## What to do
Transcribe the entries below without changing a word, and omit every picture.

Given entries START

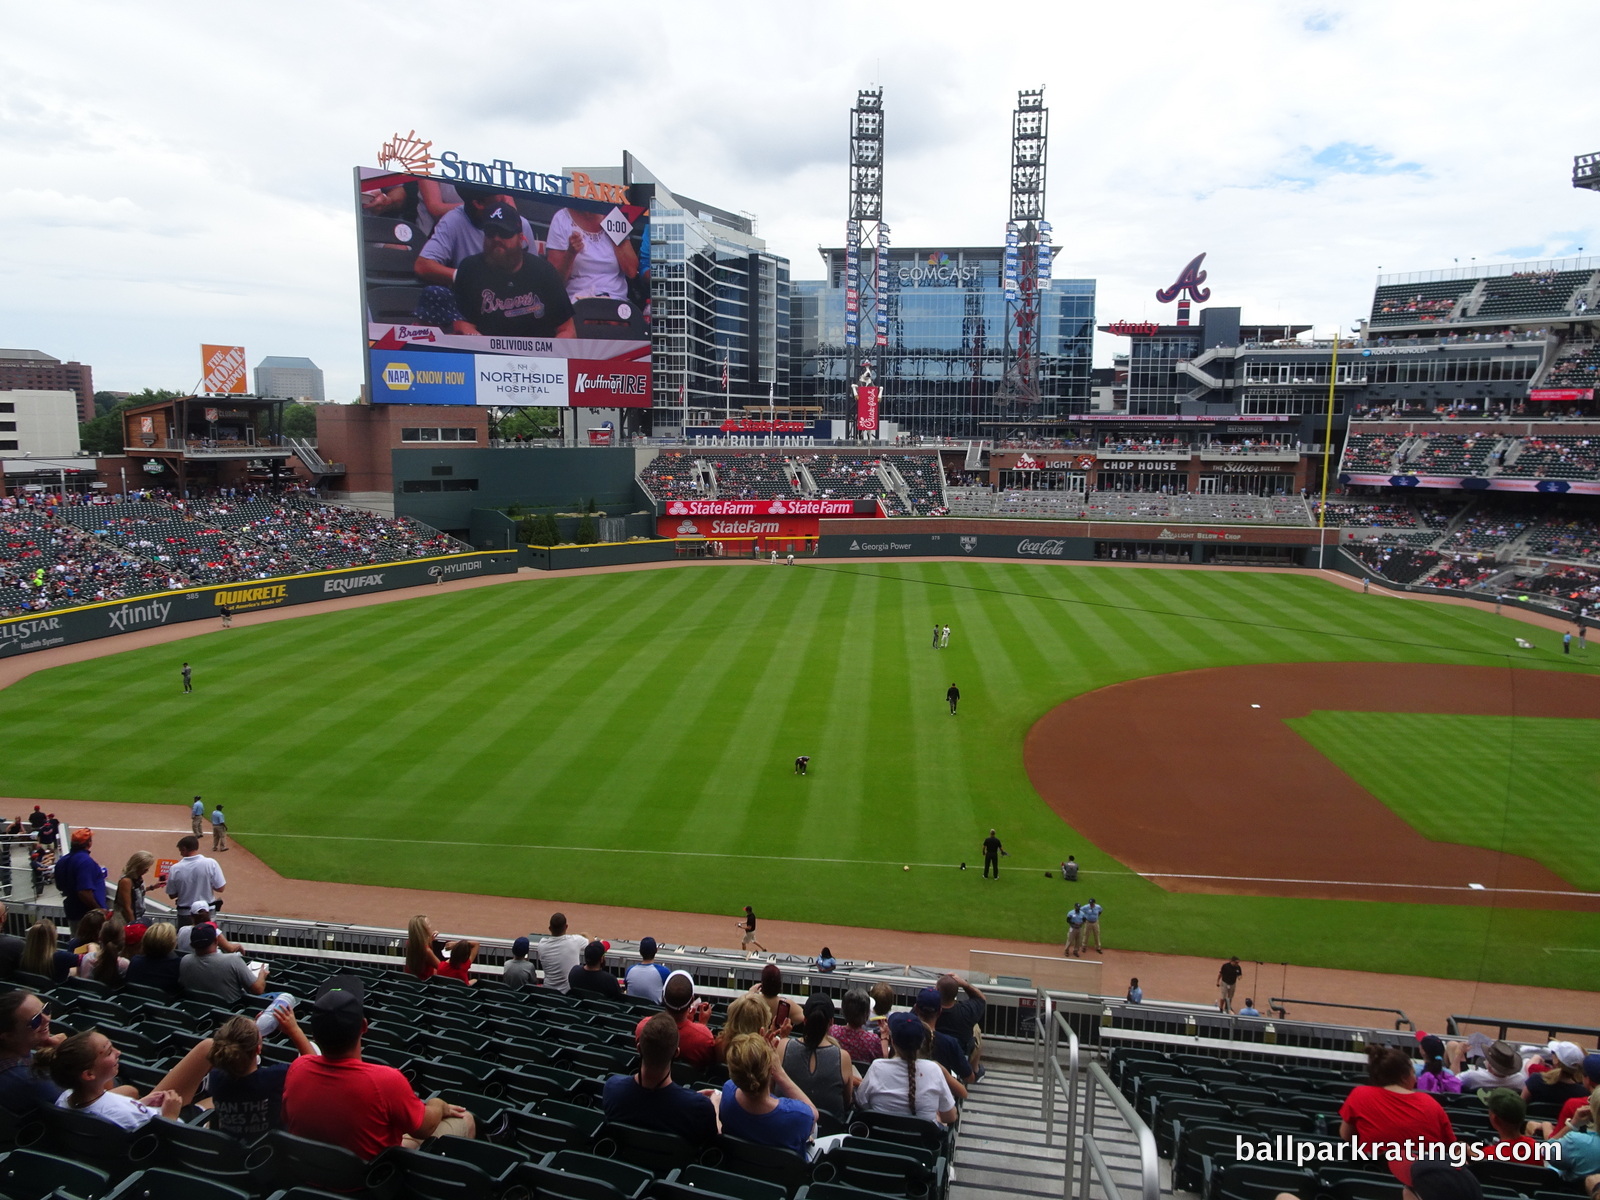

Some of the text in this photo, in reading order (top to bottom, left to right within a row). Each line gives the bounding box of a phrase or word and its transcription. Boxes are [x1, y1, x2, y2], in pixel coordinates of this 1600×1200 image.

[571, 171, 631, 205] PARK
[606, 219, 627, 234] 0:00
[898, 267, 980, 281] COMCAST
[481, 289, 534, 315] Braves
[399, 326, 429, 339] Braves
[1108, 319, 1160, 336] xfinity
[490, 339, 553, 352] OBLIVIOUS CAM
[206, 350, 225, 368] THE
[205, 347, 245, 392] HOME
[221, 364, 246, 391] DEPOT
[387, 369, 465, 385] NAPA KNOW HOW
[480, 372, 564, 384] NORTHSIDE
[574, 373, 647, 394] Kauffman TIRE
[496, 386, 550, 394] HOSPITAL
[695, 435, 815, 447] PLAY BALL ATLANTA
[1015, 457, 1072, 470] Coors LIGHT
[1103, 461, 1177, 471] CHOP HOUSE
[1223, 461, 1260, 472] Silver
[861, 542, 889, 551] Georgia
[1017, 538, 1067, 555] Coca-Cola
[444, 561, 482, 574] HYUNDAI
[323, 574, 383, 593] EQUIFAX
[186, 592, 200, 600] 385
[214, 585, 287, 606] QUIKRETE
[108, 600, 172, 631] xfinity
[21, 637, 64, 650] Health System
[242, 1099, 269, 1112] THE
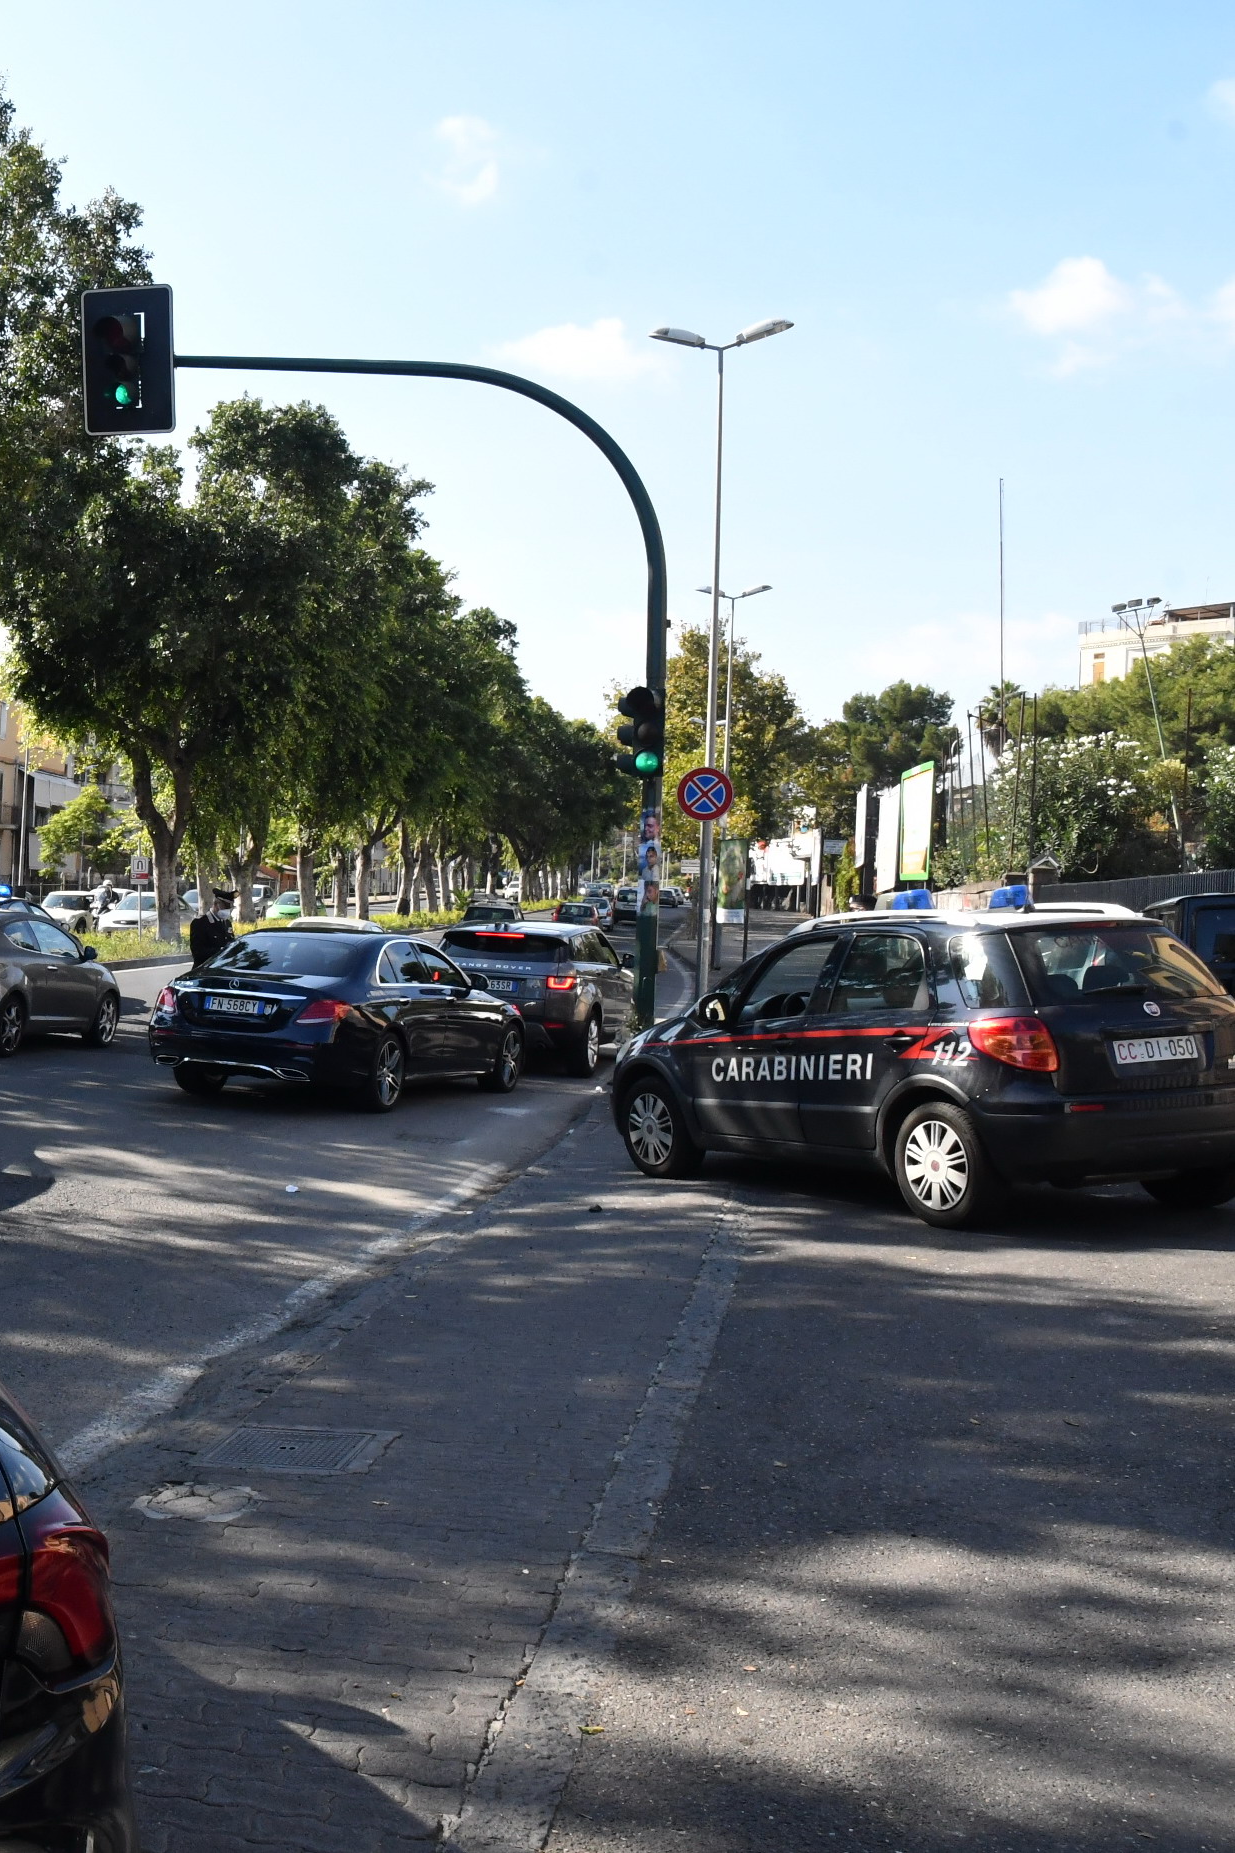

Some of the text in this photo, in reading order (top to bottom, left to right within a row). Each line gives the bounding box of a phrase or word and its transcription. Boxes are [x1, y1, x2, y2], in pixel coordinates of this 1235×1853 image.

[490, 981, 511, 990] 63SR
[211, 998, 223, 1010] FN
[226, 999, 257, 1012] 568CY
[931, 1041, 972, 1067] 112
[1117, 1038, 1194, 1061] CC DI 050
[711, 1052, 874, 1082] CARABINIERI
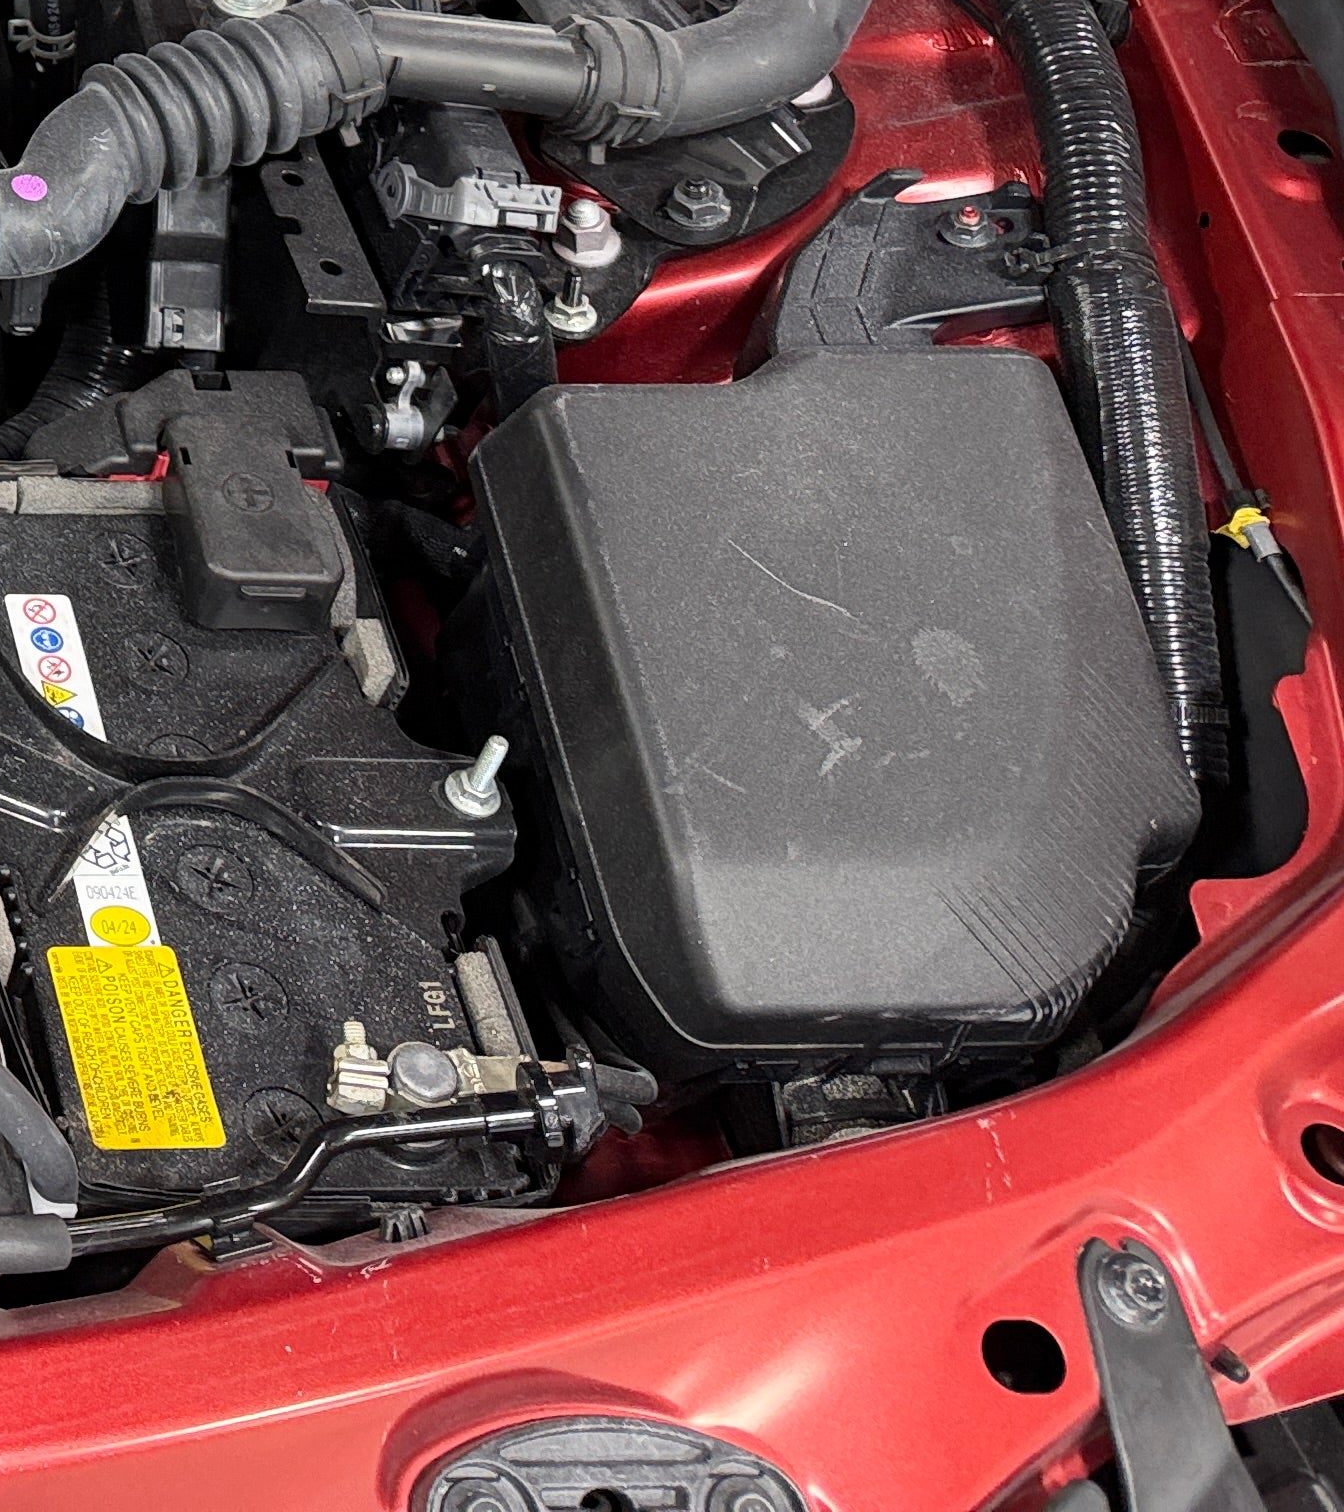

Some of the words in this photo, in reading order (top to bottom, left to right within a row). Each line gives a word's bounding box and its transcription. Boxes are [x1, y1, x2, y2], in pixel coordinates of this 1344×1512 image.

[101, 919, 137, 935] 04/24
[116, 973, 132, 993] KEEP
[72, 998, 87, 1016] OUT
[100, 975, 126, 1023] POISON
[162, 979, 192, 1037] DANGER

Given entries END

## Result for this exercise
Some of the text in this photo, in reading order (top to bottom, left to right within a row). Each line gives the bounding box of a phrase or word and its transcription. Boxes are [x1, y1, x2, y2], in pixel coordinates of this 1600×1200 image.

[571, 171, 631, 205] PARK
[606, 219, 627, 234] 0:00
[898, 267, 980, 281] COMCAST
[481, 289, 534, 315] Braves
[399, 326, 429, 339] Braves
[1108, 319, 1160, 336] xfinity
[490, 339, 553, 352] OBLIVIOUS CAM
[206, 350, 225, 368] THE
[205, 347, 245, 392] HOME
[221, 364, 246, 391] DEPOT
[387, 369, 465, 385] NAPA KNOW HOW
[480, 372, 564, 384] NORTHSIDE
[574, 373, 647, 394] Kauffman TIRE
[496, 386, 550, 394] HOSPITAL
[695, 435, 815, 447] PLAY BALL ATLANTA
[1015, 457, 1072, 470] Coors LIGHT
[1103, 461, 1177, 471] CHOP HOUSE
[1223, 461, 1260, 472] Silver
[861, 542, 889, 551] Georgia
[1017, 538, 1067, 555] Coca-Cola
[444, 561, 482, 574] HYUNDAI
[323, 574, 383, 593] EQUIFAX
[186, 592, 200, 600] 385
[214, 585, 287, 606] QUIKRETE
[108, 600, 172, 631] xfinity
[21, 637, 64, 650] Health System
[242, 1099, 269, 1112] THE

Some of the text in this photo, in reading order (top to bottom, left to right within a row). Each line gives the bounding box of a phrase or word and its transcription. Boxes are [x1, y1, x2, y2], in pixel coordinates of this 1235×1853 image.

[490, 981, 511, 990] 63SR
[211, 998, 223, 1010] FN
[226, 999, 257, 1012] 568CY
[931, 1041, 972, 1067] 112
[1117, 1038, 1194, 1061] CC DI 050
[711, 1052, 874, 1082] CARABINIERI

Some of the words in this photo, in reading order (top to bottom, left to right within a row). Each line gives a word's bounding box and its transcription. Boxes are [x1, y1, x2, y2], in pixel coordinates of this 1344×1512 image.

[101, 919, 137, 935] 04/24
[116, 973, 132, 993] KEEP
[72, 998, 87, 1016] OUT
[100, 975, 126, 1023] POISON
[162, 979, 192, 1037] DANGER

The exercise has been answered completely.